▶ To do
Could you repeat every record exactly as it appears?

▶ Material provided
====

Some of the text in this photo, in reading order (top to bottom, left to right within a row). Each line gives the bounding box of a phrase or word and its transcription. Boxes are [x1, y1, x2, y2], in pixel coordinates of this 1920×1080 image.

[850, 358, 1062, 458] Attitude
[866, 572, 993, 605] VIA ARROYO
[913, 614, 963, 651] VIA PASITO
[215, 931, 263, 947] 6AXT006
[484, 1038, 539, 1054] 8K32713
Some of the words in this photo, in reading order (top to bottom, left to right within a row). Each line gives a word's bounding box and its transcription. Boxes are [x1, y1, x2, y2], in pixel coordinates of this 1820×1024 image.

====

▶ Finished exercise
Some of the text in this photo, in reading order (top to bottom, left to right within a row). Each line gives the bounding box of a phrase or word and its transcription. Boxes are [x1, y1, x2, y2], in pixel coordinates of this 1920×1080 image.

[850, 358, 1062, 458] Attitude
[866, 572, 993, 605] VIA ARROYO
[913, 614, 963, 651] VIA PASITO
[215, 931, 263, 947] 6AXT006
[484, 1038, 539, 1054] 8K32713
Some of the words in this photo, in reading order (top to bottom, left to right within a row). Each line gives a word's bounding box and its transcription. Boxes are [x1, y1, x2, y2], in pixel coordinates of this 1820×1024 image.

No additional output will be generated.